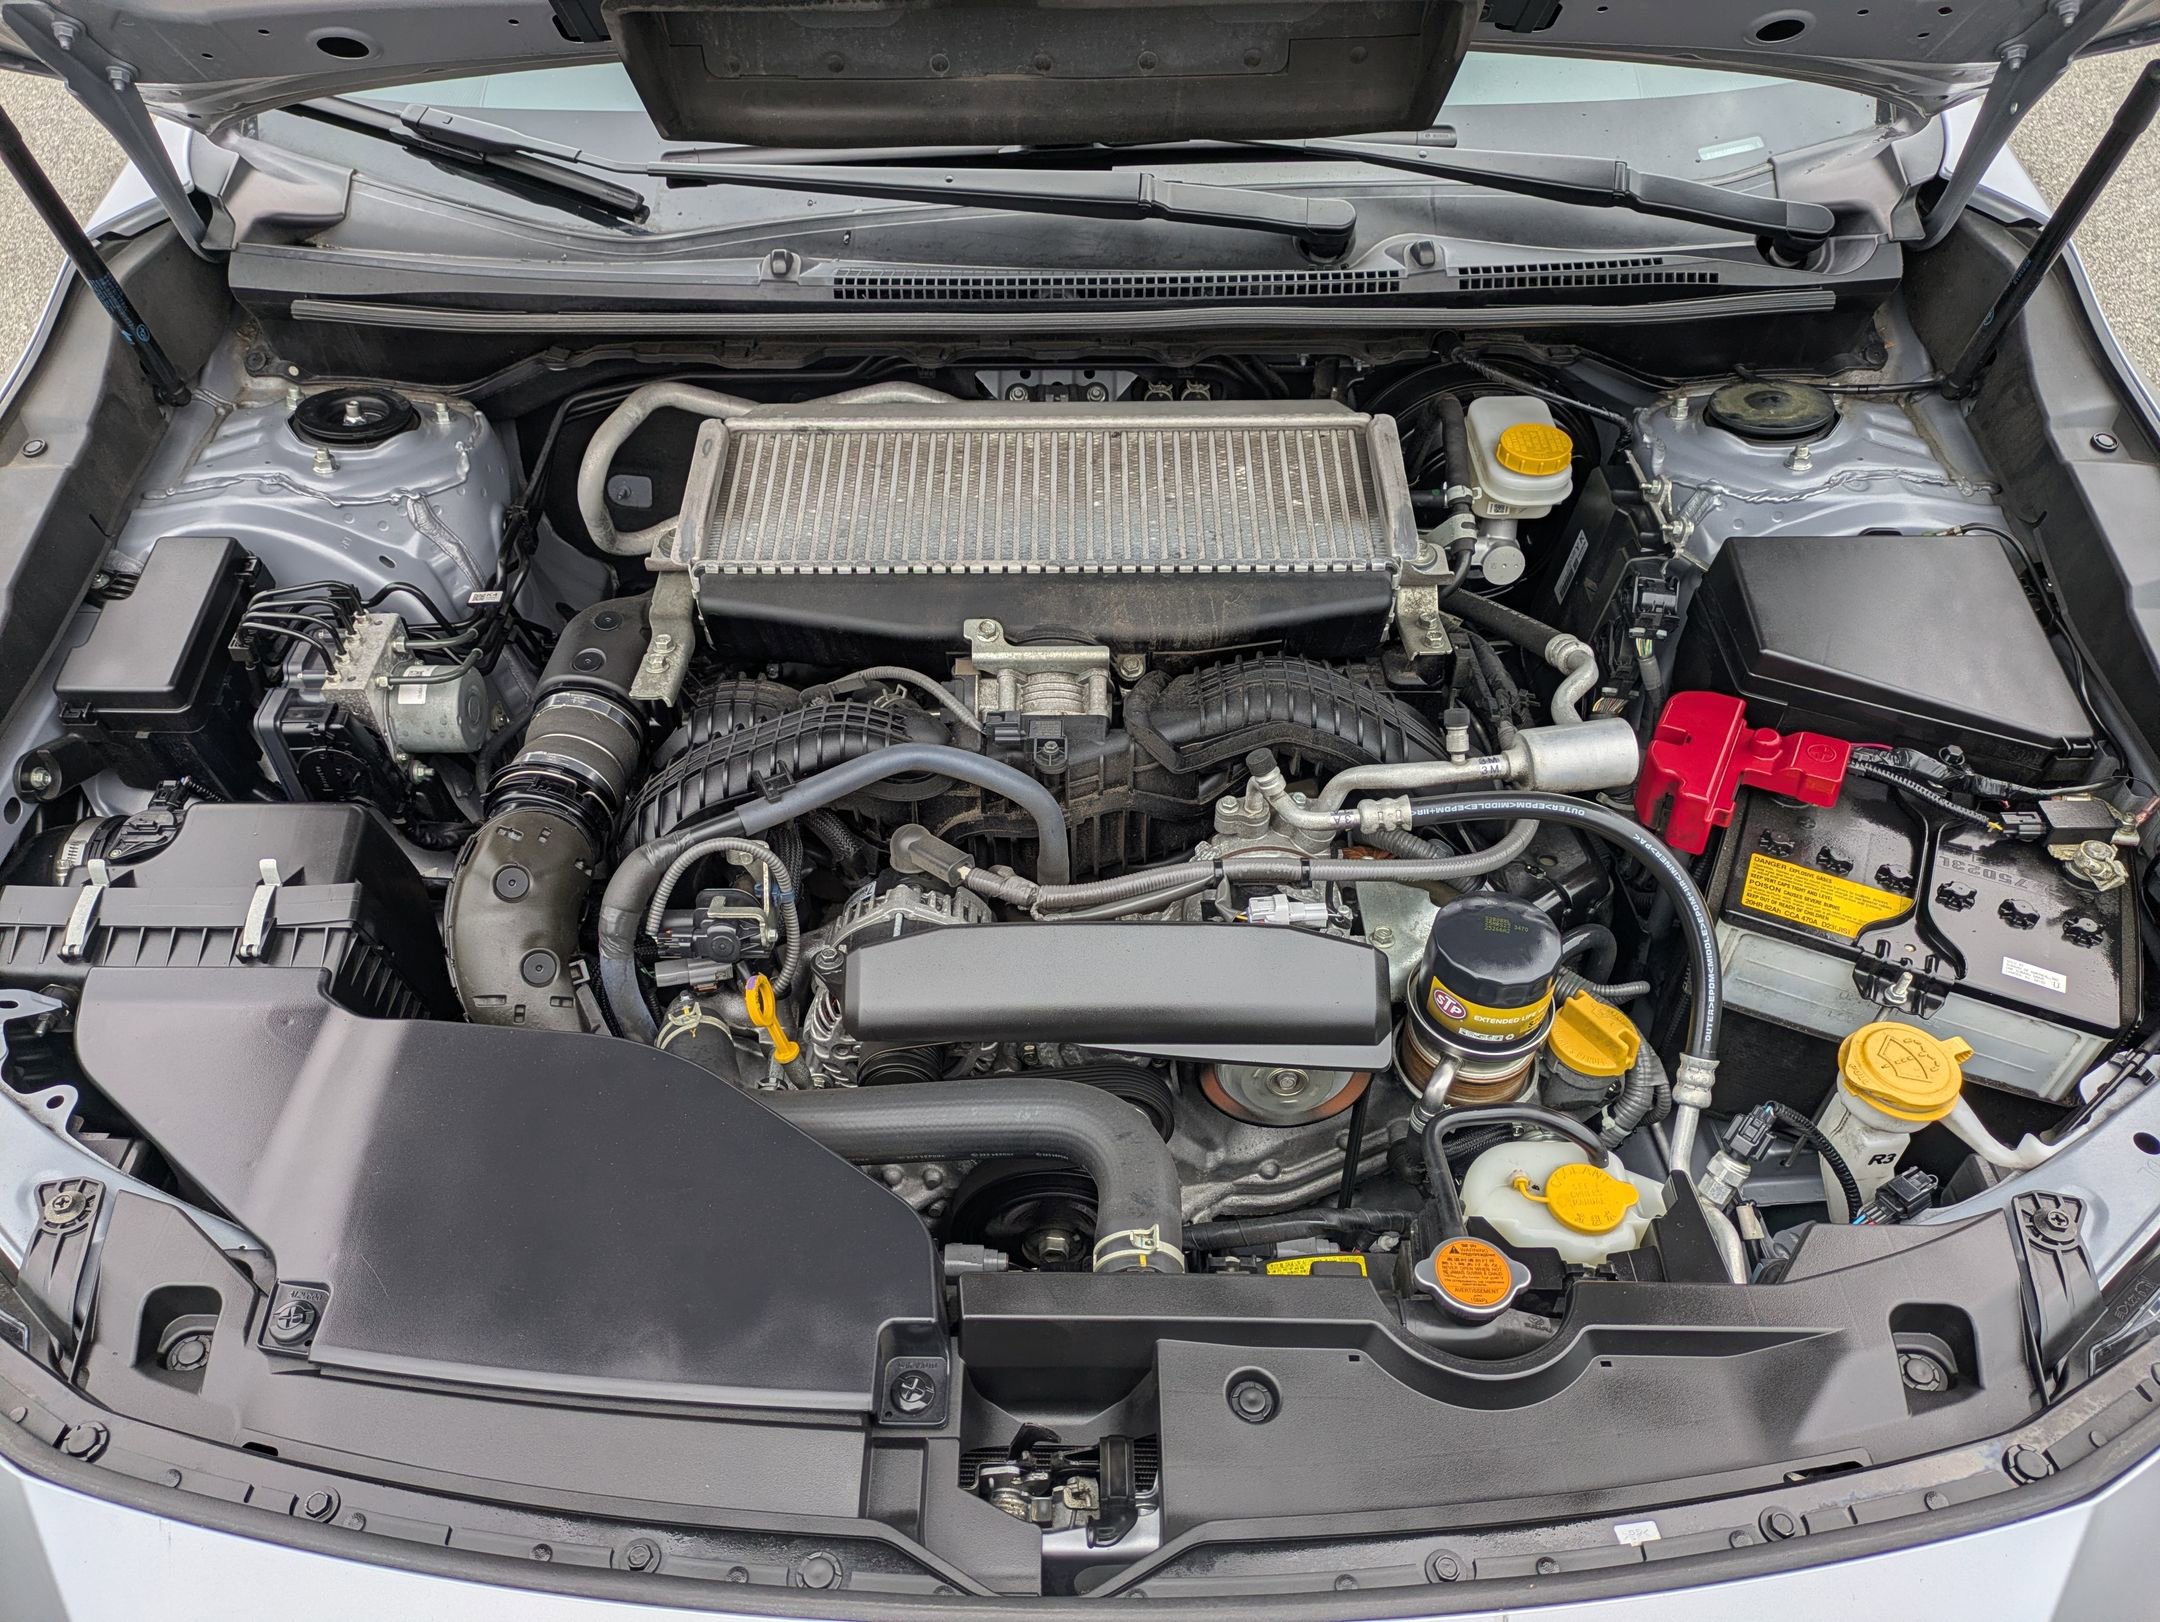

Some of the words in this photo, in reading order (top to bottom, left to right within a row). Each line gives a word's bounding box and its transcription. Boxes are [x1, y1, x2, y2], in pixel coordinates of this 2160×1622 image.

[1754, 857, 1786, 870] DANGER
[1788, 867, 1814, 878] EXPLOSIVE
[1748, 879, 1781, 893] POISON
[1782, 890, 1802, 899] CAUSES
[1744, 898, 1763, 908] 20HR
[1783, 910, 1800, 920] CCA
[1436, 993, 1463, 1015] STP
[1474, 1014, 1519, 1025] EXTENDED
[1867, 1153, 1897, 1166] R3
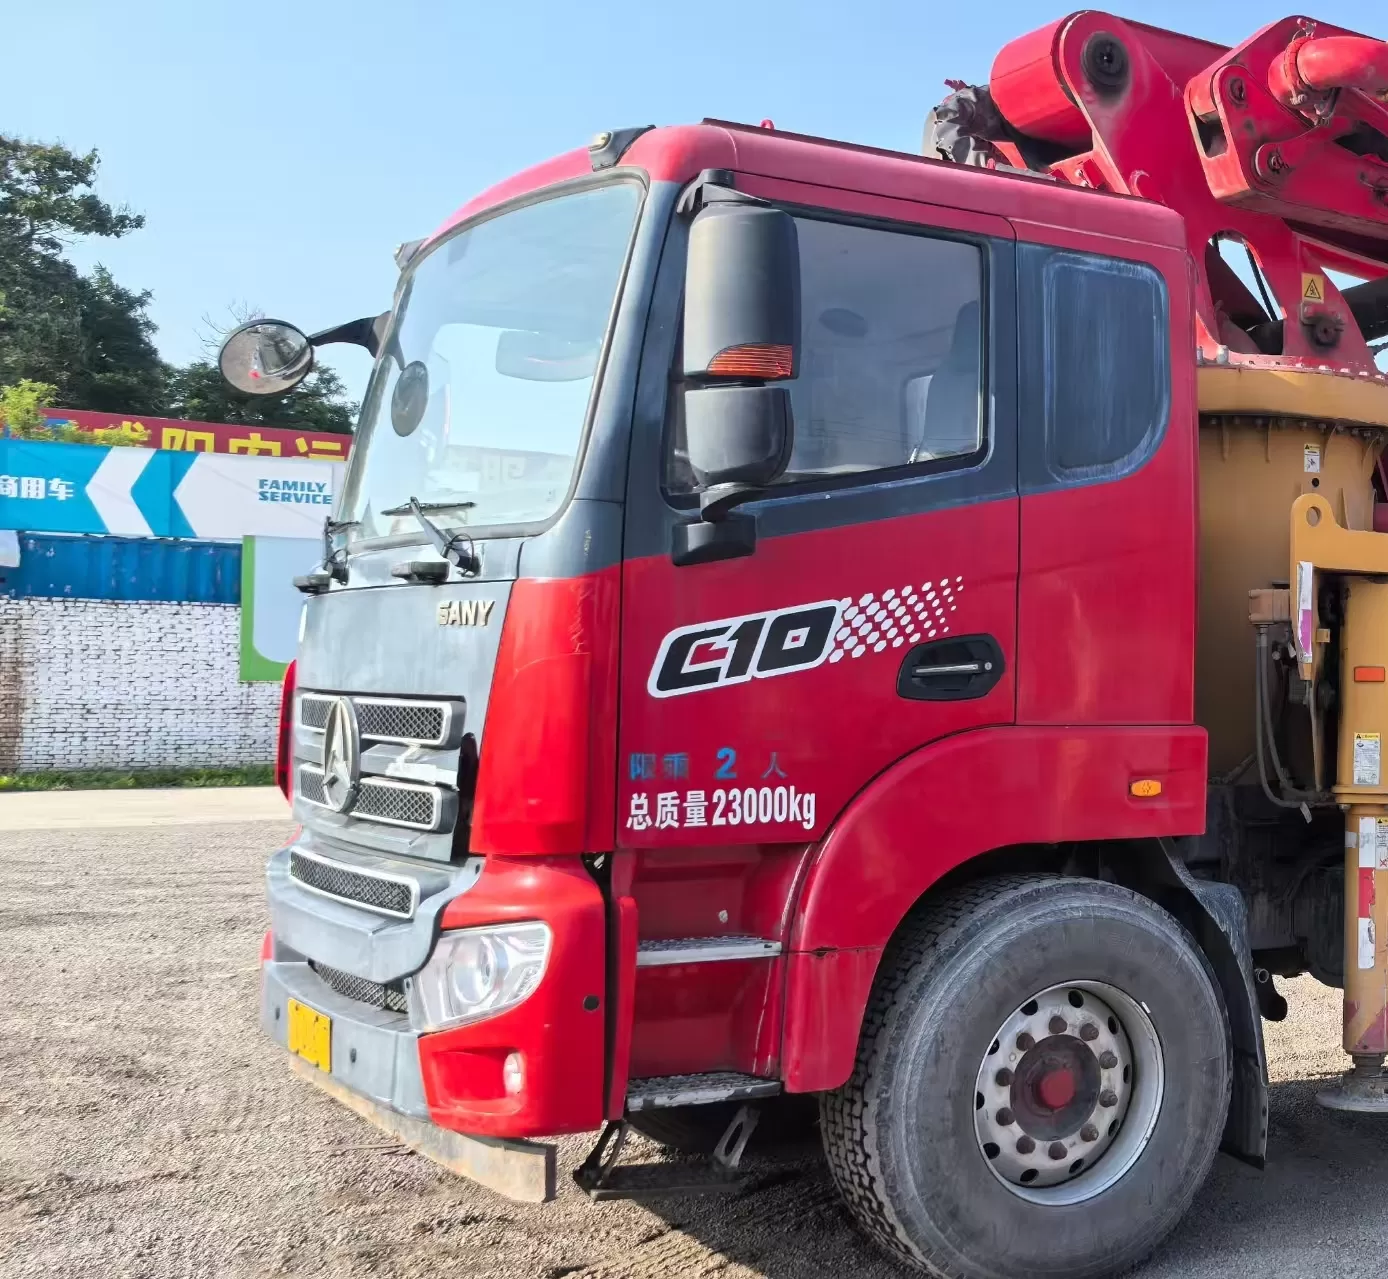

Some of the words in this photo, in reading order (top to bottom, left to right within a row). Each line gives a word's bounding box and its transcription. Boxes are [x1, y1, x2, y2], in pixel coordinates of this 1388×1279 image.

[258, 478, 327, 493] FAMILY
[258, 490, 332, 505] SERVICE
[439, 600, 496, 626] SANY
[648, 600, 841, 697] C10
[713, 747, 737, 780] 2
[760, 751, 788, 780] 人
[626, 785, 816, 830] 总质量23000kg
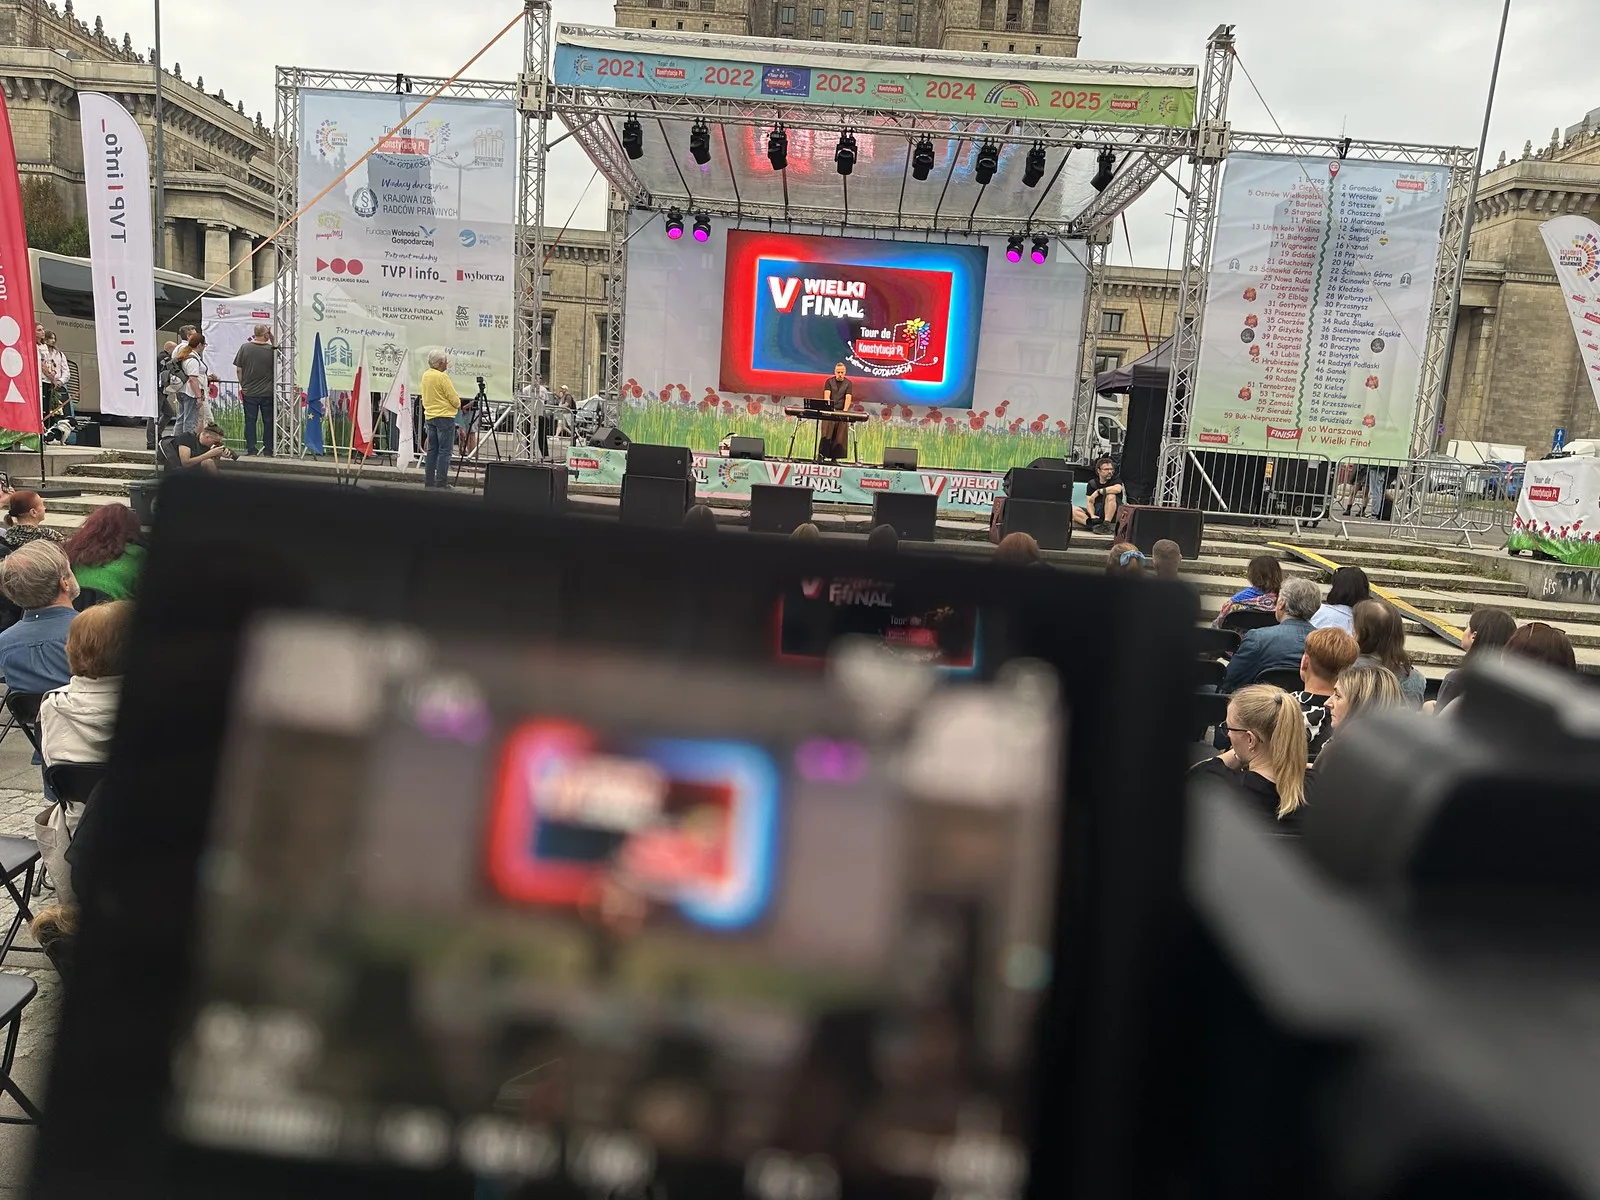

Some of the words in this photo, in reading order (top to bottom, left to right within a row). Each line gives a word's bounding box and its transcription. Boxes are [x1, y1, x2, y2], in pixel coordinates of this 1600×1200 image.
══════
§ DESCRIPTION OF THE TASK: Copy all of the entries verbatim, leaving out any pictures they contain.

§ EXERCISE SOLUTION:
Some of the words in this photo, in reading order (top to bottom, left to right within a row). Each line gives a word's bounding box and its transcription. Boxes are [x1, y1, x2, y2], in pixel coordinates of this 2160×1622 image.

[1754, 857, 1786, 870] DANGER
[1788, 867, 1814, 878] EXPLOSIVE
[1748, 879, 1781, 893] POISON
[1782, 890, 1802, 899] CAUSES
[1744, 898, 1763, 908] 20HR
[1783, 910, 1800, 920] CCA
[1436, 993, 1463, 1015] STP
[1474, 1014, 1519, 1025] EXTENDED
[1867, 1153, 1897, 1166] R3

Some of the words in this photo, in reading order (top to bottom, left to right within a row). Each line gives a word's bounding box and its transcription. Boxes are [x1, y1, x2, y2], in pixel coordinates of this 1388×1279 image.

[258, 478, 327, 493] FAMILY
[258, 490, 332, 505] SERVICE
[439, 600, 496, 626] SANY
[648, 600, 841, 697] C10
[713, 747, 737, 780] 2
[760, 751, 788, 780] 人
[626, 785, 816, 830] 总质量23000kg

Some of the words in this photo, in reading order (top to bottom, left to right within a row). Each line gives a word's bounding box and its transcription. Boxes are [x1, y1, x2, y2], in pixel coordinates of this 1600×1200 image.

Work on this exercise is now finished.